Lastly, the AT also missed the opportunity to develop relationships with third-party partners. Such relationships can help a software project deliver aspects of the Whole Product that they can’t deliver themselves. They also serve to make the product appear stable and well supported to potential adopters. These qualities are especially important for an open source product looking to cross the chasm and which has to face questions not only about its sustainability, but also about the effectiveness of open source software. These partnerships do not just magically appear; they need to be actively sought out.[11] The AT, for instance, could have partnered with a company willing to host the AT database backend and/or provide an EAD publishing system. Such partnerships could have provided more options for users who otherwise were not able to adopt the AT.

Reducing overhead: providing a framework for user contributions

In the spring of 2008, Ithaka informed the AT project team that it was highly unlikely the AT software could expect volunteer development contributions. The archival community is small, and the number of archivists with enough programming prowess to contribute to the AT code base is even smaller. Since we couldn’t expect code contributions from our users, the project was always going have to cover development costs. Ithaka advised the team to find a parent organization that could take the project under its wing. Ideally this would be an organization whose ideology mirrored that of the AT project and who would be willing to incubate it by sharing resources until the AT became financially stable. Should the project not find a suitable parent, Ithaka suggested other business models which could generate income to cover some development costs. They strongly recommended that costs not associated with actual programming – testing, documentation, specification etc. – could all be achieved in the traditional open source manner: using volunteer contributions from the user community. Relying on contributions for these tasks would decrease overhead enough to make the project’s sustainability viable.

By the spring of 2009, talks with potential parent organizations had failed to reach fruition. Around that same time a few prominent archives decided they wanted to extend and improve on the AT base by contracting a programmer (a former lead developer on the AT project) to do so. During this time, six months before the end of the grant period and without any enacted sustainability plan, the AT should have done as much as possible to open up governance of the project to users by delegating tasks and responsibilities whenever feasible. Yet this did not happen, even with the promise of outside development contributions. By all appearances, the project had started off with intentions of encouraging a “bazaar” atmosphere, one in which development is marked by contributions and involvement of numerous people outside the original development team. In order to ensure bugs and other problems were detected, the program was beta tested by 20 different institutions prior to the first release. The original lead developer also embraced the mantra “release early, release often.” Although there were some initial attempts to open up development of the program, it was largely done in a more closed, “cathedral” fashion.[12] For example, although jar files are made available on the AT website for each release, a way to access the latest code, or guidelines on how to be an official “committer” have never been officially provided. Testing eventually became a task completed solely by the project team, due to time considerations and the difficulty in setting up appropriate test conditions.[13]

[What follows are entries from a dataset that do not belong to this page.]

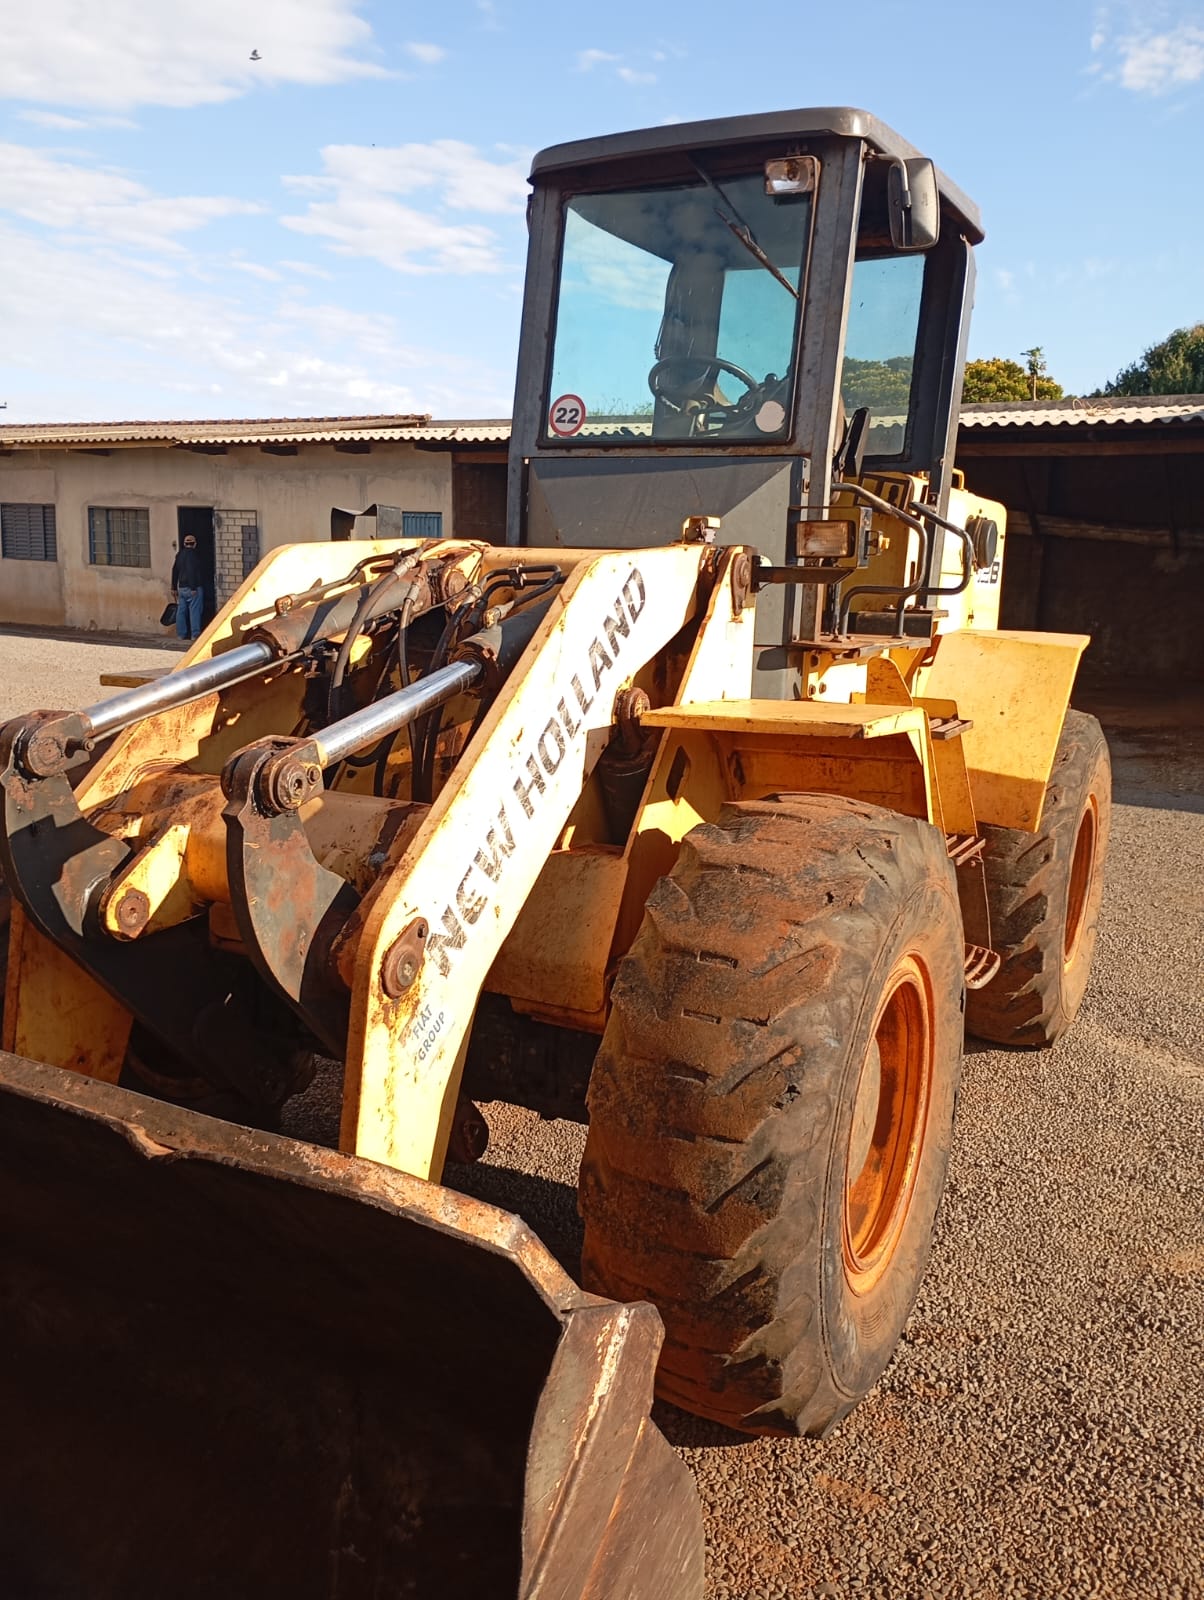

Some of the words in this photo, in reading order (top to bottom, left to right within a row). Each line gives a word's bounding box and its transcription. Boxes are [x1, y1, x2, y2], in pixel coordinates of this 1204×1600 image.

[554, 407, 580, 424] 22
[426, 798, 517, 979] NEW
[512, 567, 646, 820] HOLLAND
[412, 1004, 433, 1040] FIAT
[417, 1011, 446, 1061] GROUP

In his work of managing open source software projects, Karl Fogel provides guidelines on how to incorporate and encourage volunteers to contribute back to an OSS project. One way of doing so, he states, is to “treat every user as a potential volunteer.”[14] The AT project team was congenial and helpful to its users, but it did not recruit users to the extent that it could have. Instead of operating from a level on par with the users, the adopted tone was more one of an expert. This tone was mirrored by a lack of delegation of tasks to the user community. Part of this had to do with the fact that team members were all in salaried positions in which it was their responsibility to work with the software. When it is your business to be an expert on something, it is hard not to assume that stance. It is tempting take on tasks yourself rather than teaching volunteers how to do them, and it can be difficult to enforce tight deadlines when managing volunteers who have full-time positions outside of their volunteer contributions. However, as Fogel states, “the goal is to make every user realize that there is no innate difference between herself and the people who work on the project.”[15] This realization, he believes, is what prompts users to take the initiative to do such tasks in the first place; everyone can become an expert if they are willing to put in the time. In the case of the AT project, we were experts on the program, and could be relied on to provide documentation, run beta testing, answer support questions, etc. There was little incentive to contribute when everything seemed already under control.[16] Because we were experts the team could complete tasks in less time than it would take to train volunteer collaborators .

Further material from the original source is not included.